Street in Kraków, Poland

Armii Krajowej Street is a street in Kraków running through districts Bronowice and Krowodrza, passing through Bronowice Małe and Łobzów.

The section from the Ofiar Katynia Roundabout to the dis tinctive "arc" of the street, where it changes direction from south to east, is part of the III Ring Road. Its total length is 2.8 km.

The current name of the street has been in use since 1991. Previous names include Fizyków Street (the section from Radzikowskiego Street to Bronowicka Street) and Ivana Konev Street (the section from Bronowicka Street to Piastowska Street). Between 1987 and 1991, a monument to Ivan Konev by Antoni Hajdecki was located on the street.

== Route ==
The street begins at Ofiar Katynia Roundabout. It then runs south, passing under railway viaducts and under Balicka Street, with which it is connected by three link roads. Two of these also provide access to Bronowicka Street. It is connected to Zarzecze and Stanisław Przybyszewski Streets via intersections with traffic lights.
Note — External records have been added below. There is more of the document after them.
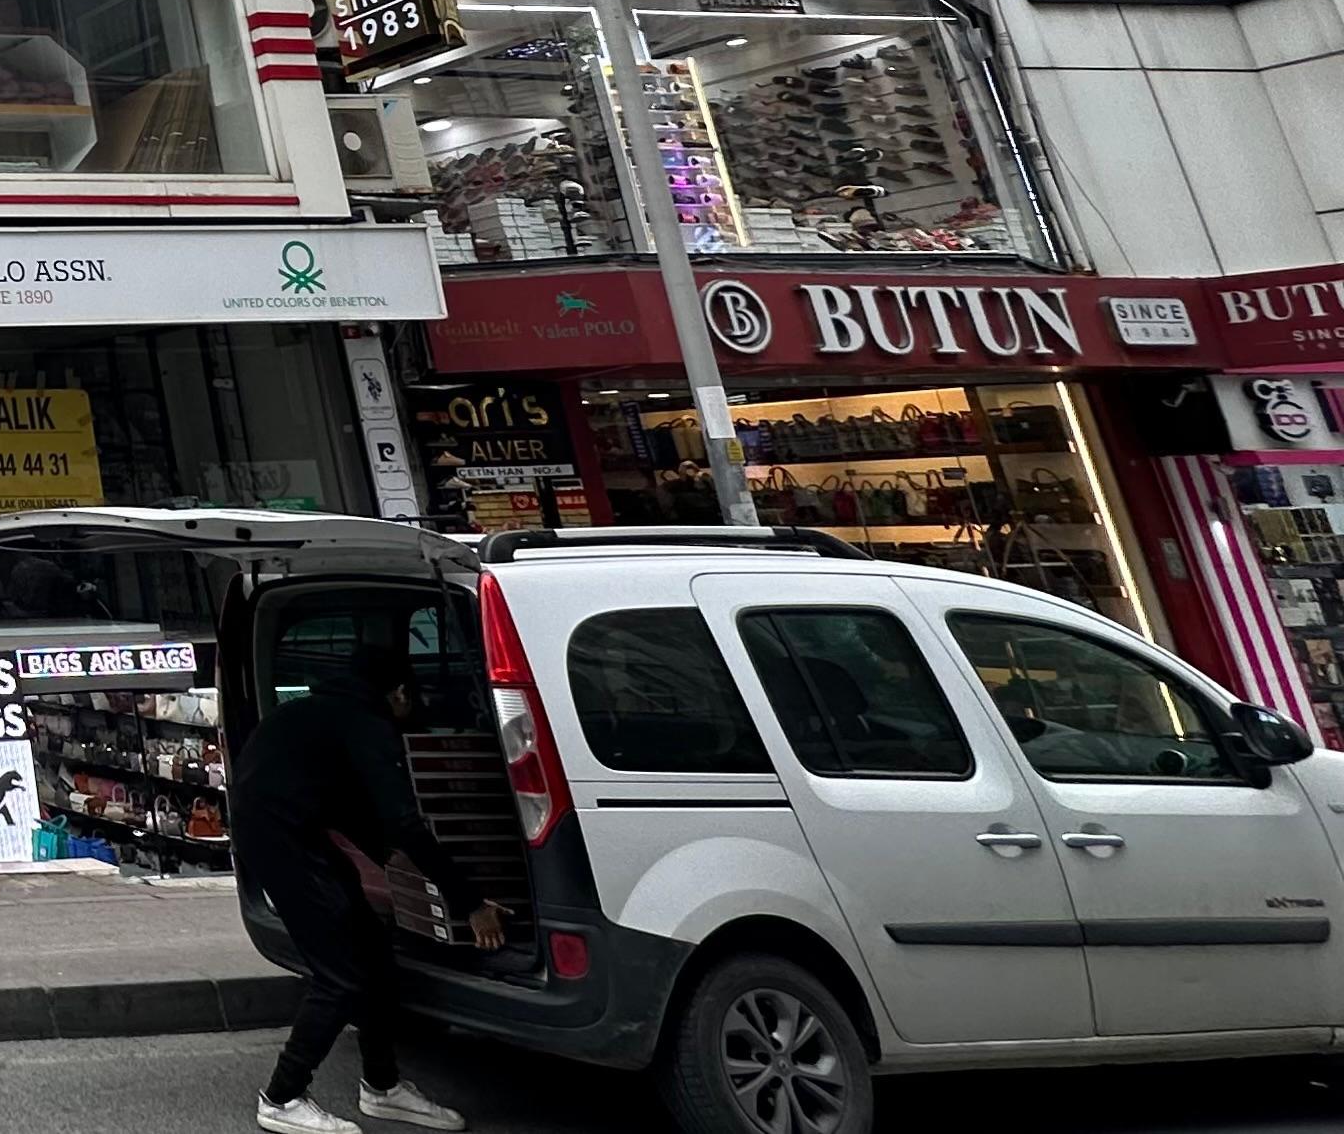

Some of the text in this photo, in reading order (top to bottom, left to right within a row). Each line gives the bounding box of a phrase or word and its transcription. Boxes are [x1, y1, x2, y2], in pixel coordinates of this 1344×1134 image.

[342, 3, 421, 52] 1983
[34, 260, 112, 281] ASSN.
[17, 290, 53, 304] 1890
[223, 298, 264, 309] UNITED
[266, 297, 310, 308] COLORS
[312, 297, 327, 307] OF
[801, 284, 1082, 355] BUTUN
[1115, 304, 1184, 319] SINCE
[532, 320, 634, 339] Valen POLO
[471, 440, 547, 462] ALVER
[23, 453, 43, 475] 44
[49, 453, 69, 475] 31
[498, 467, 523, 476] HAN
[28, 652, 83, 674] BAGS
[139, 648, 194, 671] BAGS
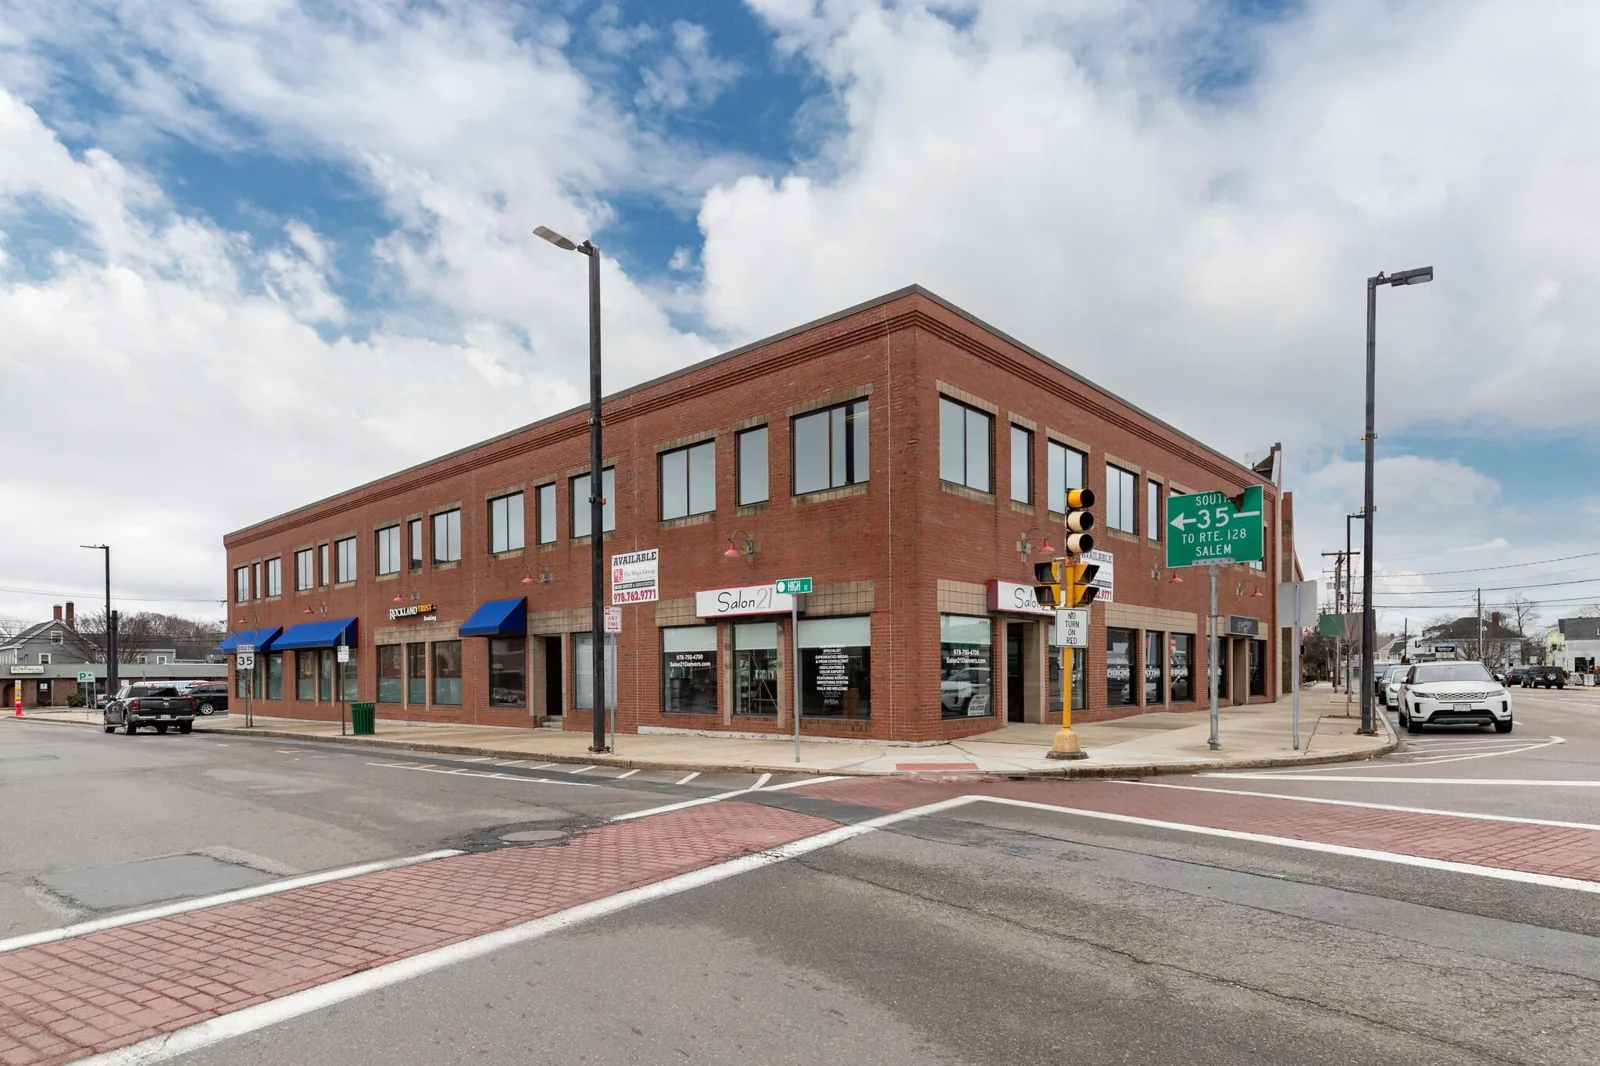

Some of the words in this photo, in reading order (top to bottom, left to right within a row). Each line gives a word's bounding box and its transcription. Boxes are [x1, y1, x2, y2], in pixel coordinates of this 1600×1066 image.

[1197, 507, 1229, 529] 35
[1182, 533, 1195, 544] TO
[1199, 531, 1223, 543] RTE.
[1227, 528, 1247, 540] 128
[1195, 544, 1232, 557] SALEM
[613, 551, 657, 567] AVAILABLE
[787, 580, 801, 592] HIGH
[613, 588, 657, 603] 978.762.9771
[717, 590, 755, 613] Salon
[755, 587, 773, 609] 21
[1014, 588, 1040, 609] Salo
[389, 606, 418, 620] ROCKLAND
[418, 604, 432, 613] TRUST
[1066, 637, 1078, 645] RED
[238, 656, 253, 666] 35
[79, 672, 87, 680] P
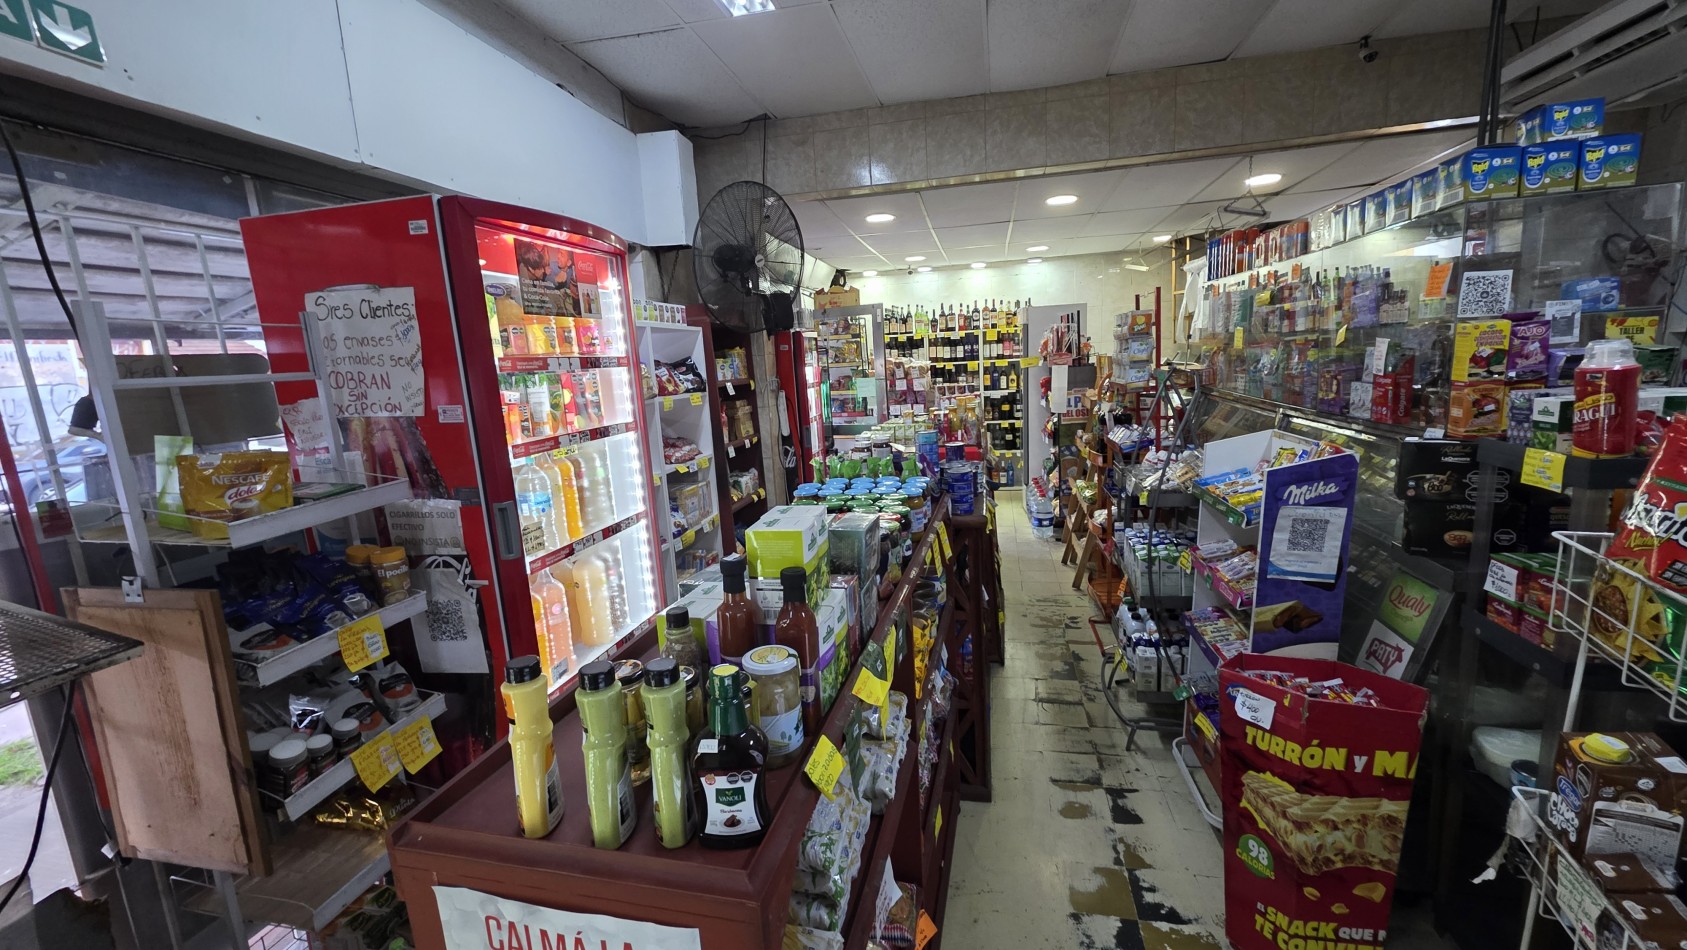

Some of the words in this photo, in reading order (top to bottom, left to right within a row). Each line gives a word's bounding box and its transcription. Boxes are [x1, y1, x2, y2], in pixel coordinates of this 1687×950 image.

[1527, 154, 1545, 167] Raid
[1586, 149, 1605, 162] Raid
[1472, 161, 1489, 173] Raid
[315, 295, 354, 321] Sres
[1517, 326, 1545, 336] AJO
[1619, 327, 1645, 335] TALLER
[323, 333, 338, 351] os
[344, 335, 394, 350] envases
[329, 370, 392, 391] COBRAN
[1398, 387, 1407, 417] Colgate
[1283, 481, 1340, 505] Milka
[390, 511, 433, 519] CIGARRILLOS
[436, 511, 456, 520] SOLO
[392, 523, 424, 531] EFECTIVO
[419, 536, 450, 547] INSISTA
[377, 569, 385, 577] El
[1389, 585, 1432, 618] Qualy
[1371, 636, 1400, 662] PATY
[1245, 724, 1348, 772] TURRÓN
[718, 793, 742, 802] VANOLI
[1559, 778, 1582, 807] Tregar
[1247, 838, 1270, 867] 98
[1254, 913, 1274, 941] TE
[1256, 902, 1265, 913] EL
[1266, 906, 1340, 940] SNACK
[1338, 927, 1375, 942] QUE
It ends at the intersection with Piastowska and Nawojki Streets.

== Public transport ==
Along the street, there are several bus stops served by Kraków's public transport system, as well as the Kraków Bronowice railway station, which handles agglomeration and regional trains.

== Future plans ==
There are plans to build a multi-level interchange and connect the street with the planned Balicka and Zwierzyniecka routes.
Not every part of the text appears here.